Recognizing that the design of homes affects the life of the city and the way one interacts with one's neighbors, some cities have gone beyond zoning and setbacks to legislate in this area. In an acknowledgment that the design of a house as it relates to the street affects the way its inhabitants and neighbors interact, Portland's city council in 1999 made it illegal to build “snout houses”—a home with a big garage out front and a tucked-away front door—because they create a barrier to neighborhood communality, which begins with brief exchanges on sidewalks and stoops.
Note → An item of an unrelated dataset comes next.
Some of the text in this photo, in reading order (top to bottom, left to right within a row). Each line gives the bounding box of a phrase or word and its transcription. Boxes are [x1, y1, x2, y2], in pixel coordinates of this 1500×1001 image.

As noted in the New York Times, Charlie Hales, the former city commissioner who spearheaded the effort, wanted houses to pass what he called the “trick-or-treat test”—“when kids come around to trick-or-treat, they actually get a sense that somebody lives in the house, and they can find the door.”
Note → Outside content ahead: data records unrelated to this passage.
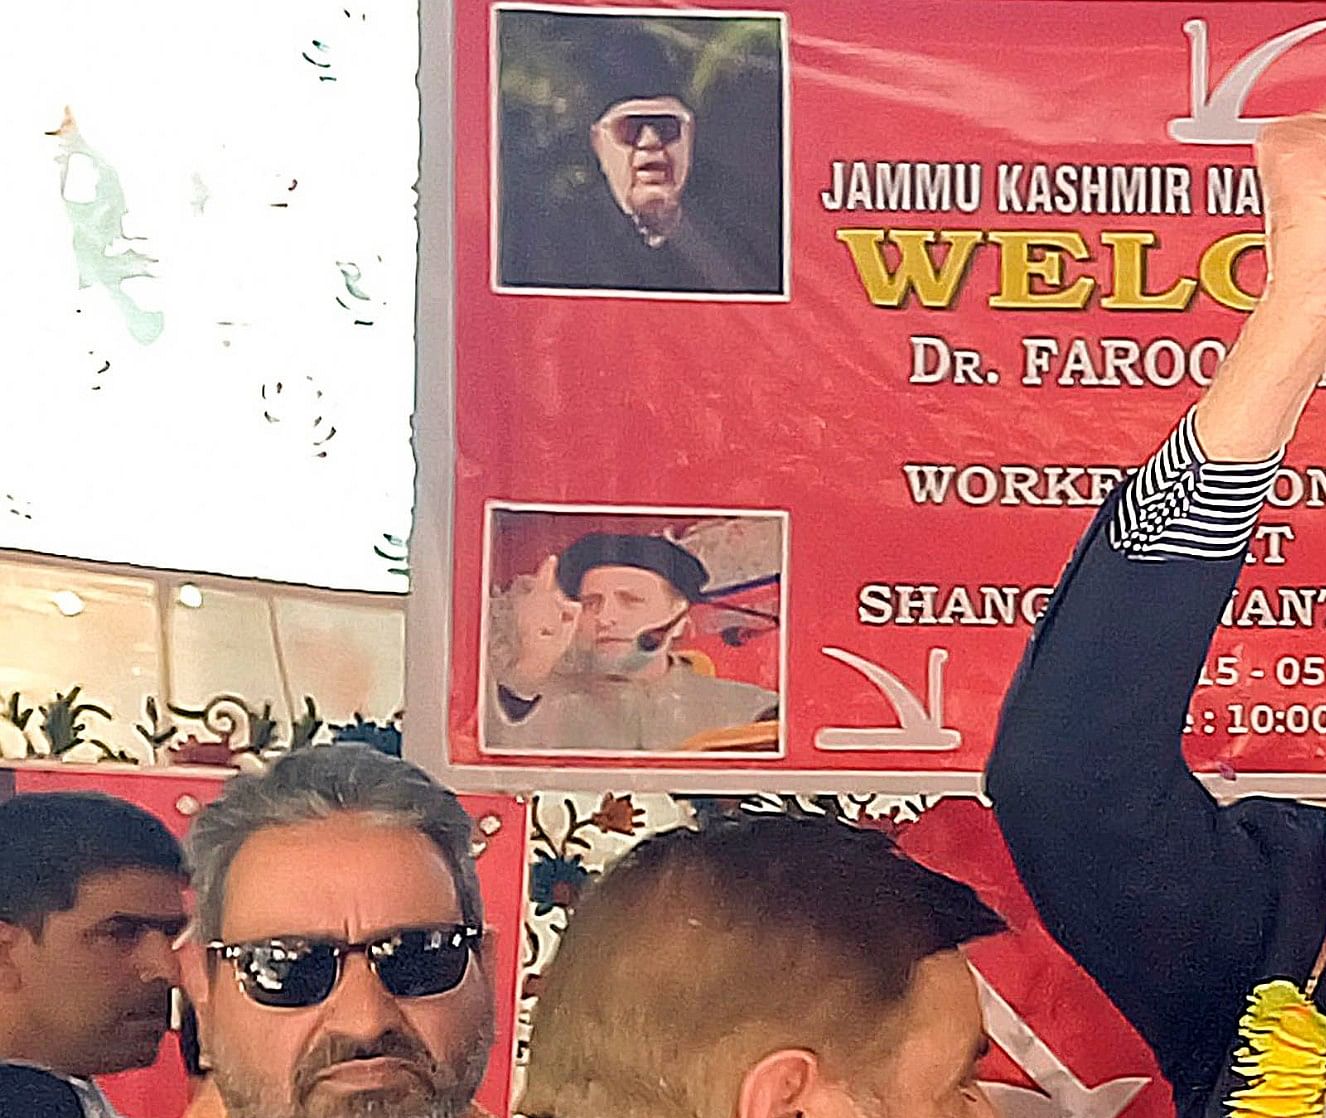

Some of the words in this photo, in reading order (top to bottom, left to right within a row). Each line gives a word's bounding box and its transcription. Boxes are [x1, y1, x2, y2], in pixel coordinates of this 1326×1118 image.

[822, 160, 982, 214] JAMMU
[997, 162, 1192, 216] KASHMIR
[1021, 337, 1229, 388] FAROO
[903, 463, 1138, 506] WORKE
[857, 584, 1057, 626] SHANG
[1275, 655, 1326, 687] 05
Given all that design does and all that we expect it to do, can we also expect well-designed places and objects to be beautiful, or is beauty just frosting on the cake, and often expensive frosting at that? This is how questions of aesthetics are phrased as Portland considers a major project like TriMet's new pedestrian, bike, and transit bridge, which will span the Willamette River south of the Marquam Bridge. The bridge, designed to move people, not cars, says a great deal about who we think we are and what we value as a city. The aesthetics of its design will say something more: whether the decision makers believe that Portland deserves design that is as unique as the city itself or whether that level of civic ambition is not part of our DNA. Metro Councilor Robert Liberty, a member of the steering committee for the bridge who has cost concerns on his mind, called the innovative wave-form design proposed by Boston architect Miguel Rosales and favored by many in Portland's architecture and design communities a “prestige project” better suited for Seattle. Just afterward, TriMet selected a modified cable-stay design for the bridge, similar to Eugene's Delta Ponds Bridge or the Ed Hendler Bridge in Kennewick, Washington.
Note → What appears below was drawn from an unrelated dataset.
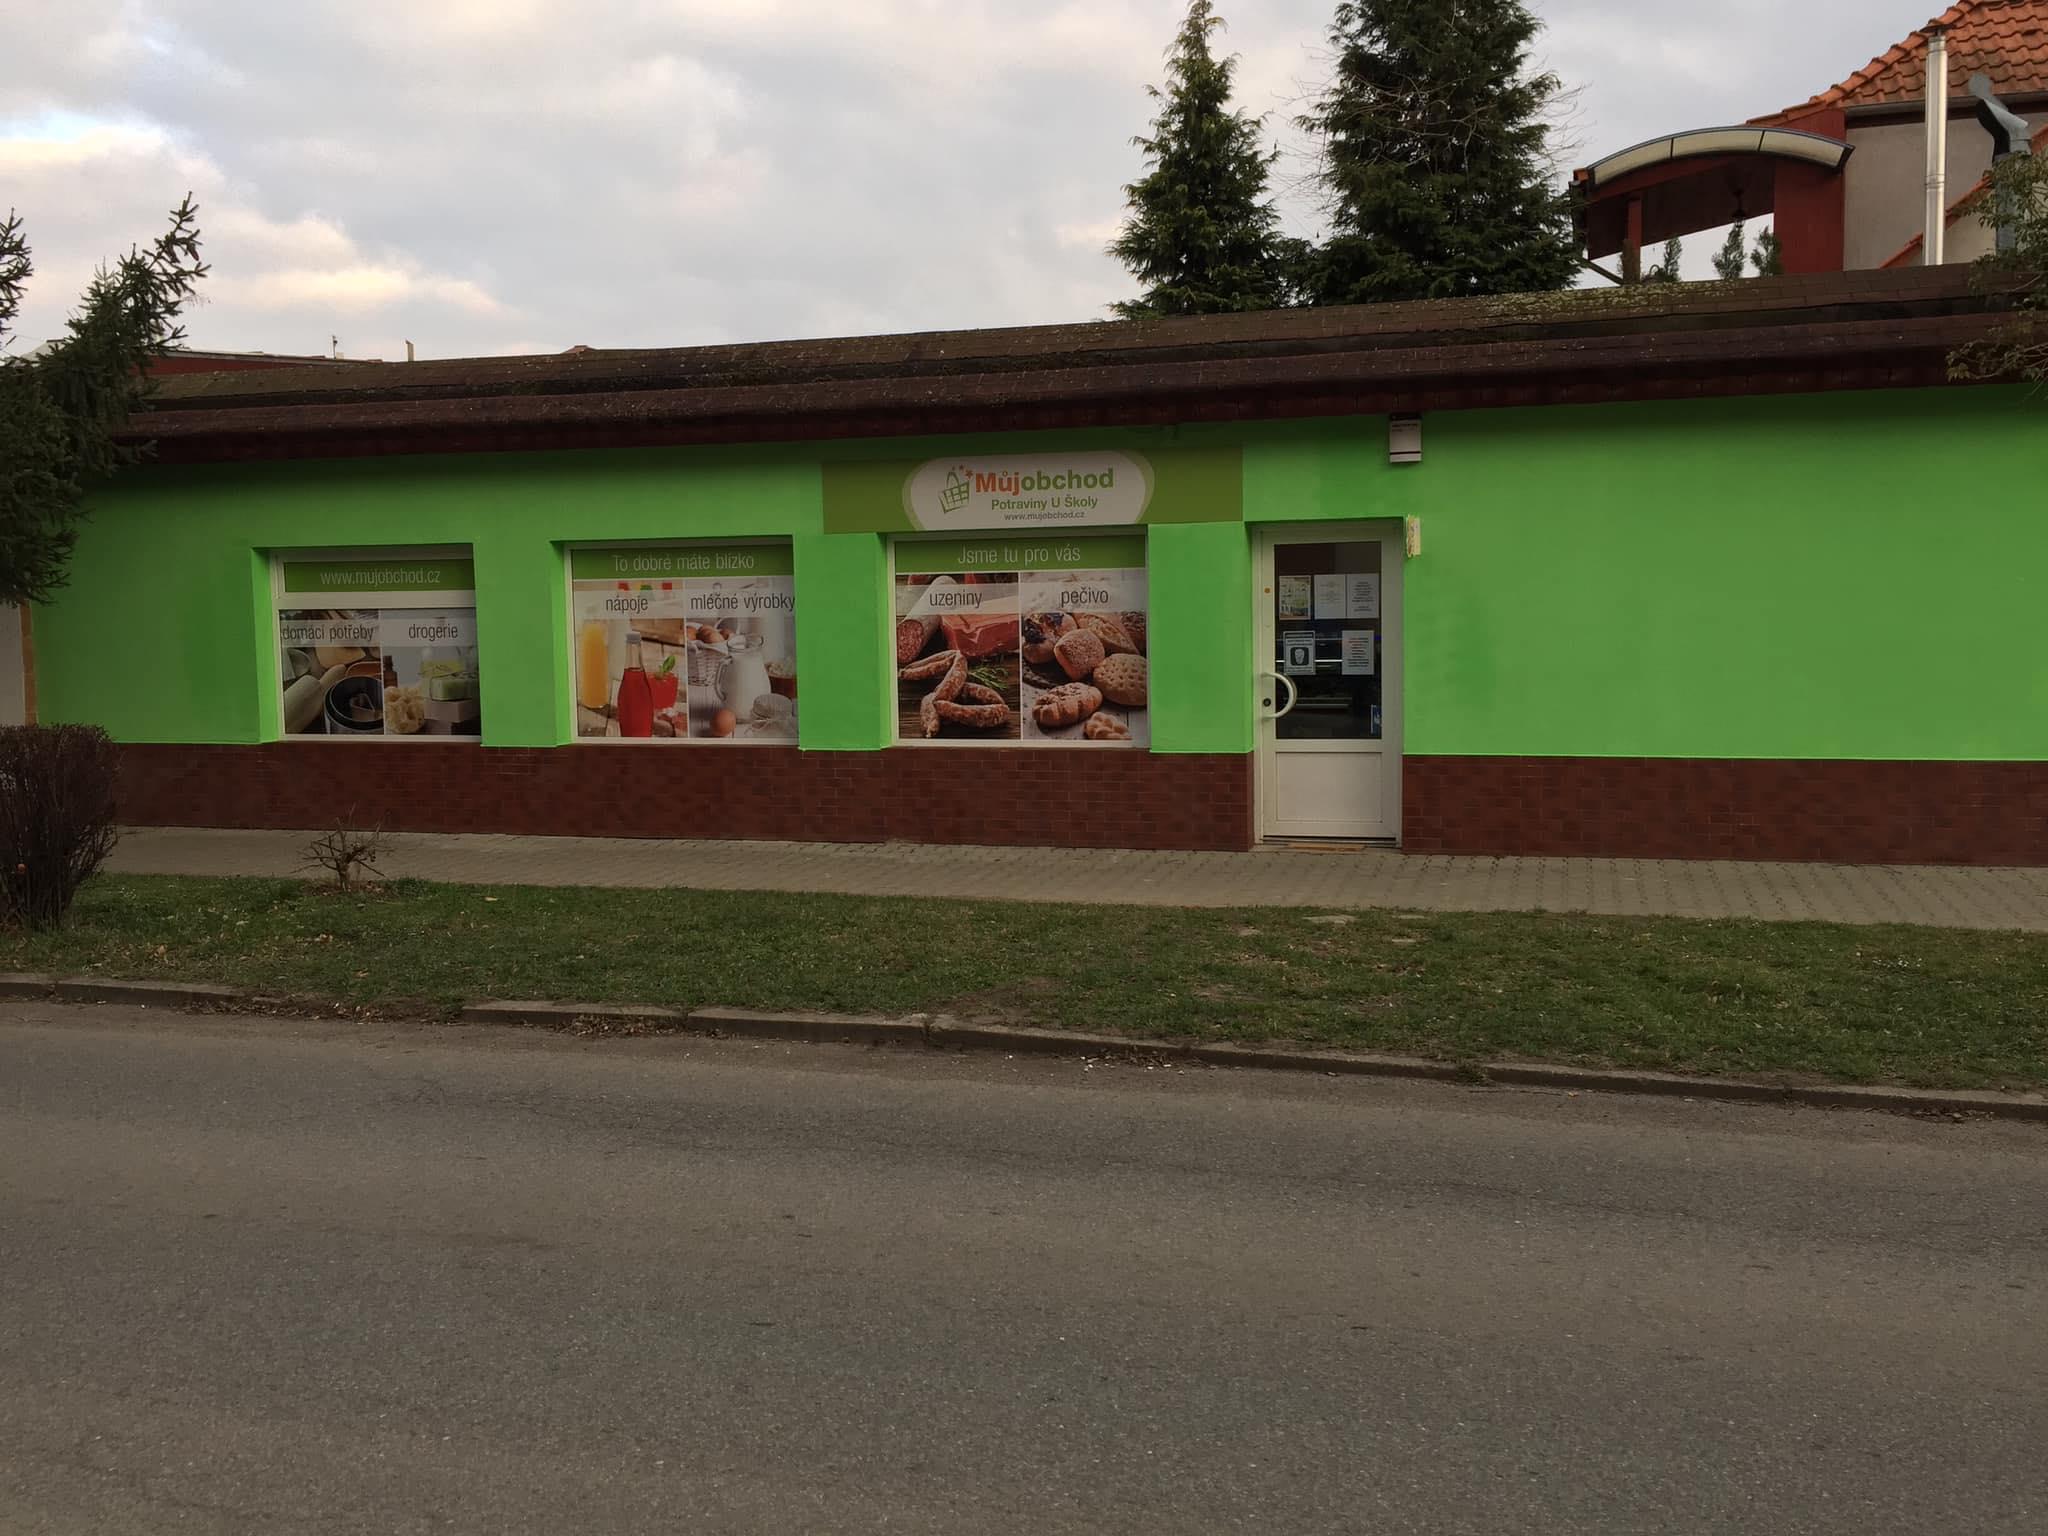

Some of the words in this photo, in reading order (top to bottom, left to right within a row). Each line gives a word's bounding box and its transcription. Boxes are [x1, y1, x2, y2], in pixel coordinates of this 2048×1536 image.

The bridge's western landfall is proximate to the site of Portland's last great aesthetic battle, that over the aerial tram designed by Angélil/Graham/Pfenninger/Scholl Architecture. The silvery, futuristic cars rise from the city's South Waterfront to the Oregon Health & Science University campus on the hill to the west. As costs rose on the construction of the project, cost-saving designs were floated for the tram that would have made it an unremarkable industrial box with a trestle-like lattice tower—as then City Councilor Sam Adams put it, an “ugly ski lift at a bad ski resort.” But clearer heads prevailed, and today, just watching the tram car ascend from the street below and pass the elegant, sculptural tower takes your breath away. Does beauty make good design better? Yes, good design elevates, but beauty makes good design soar.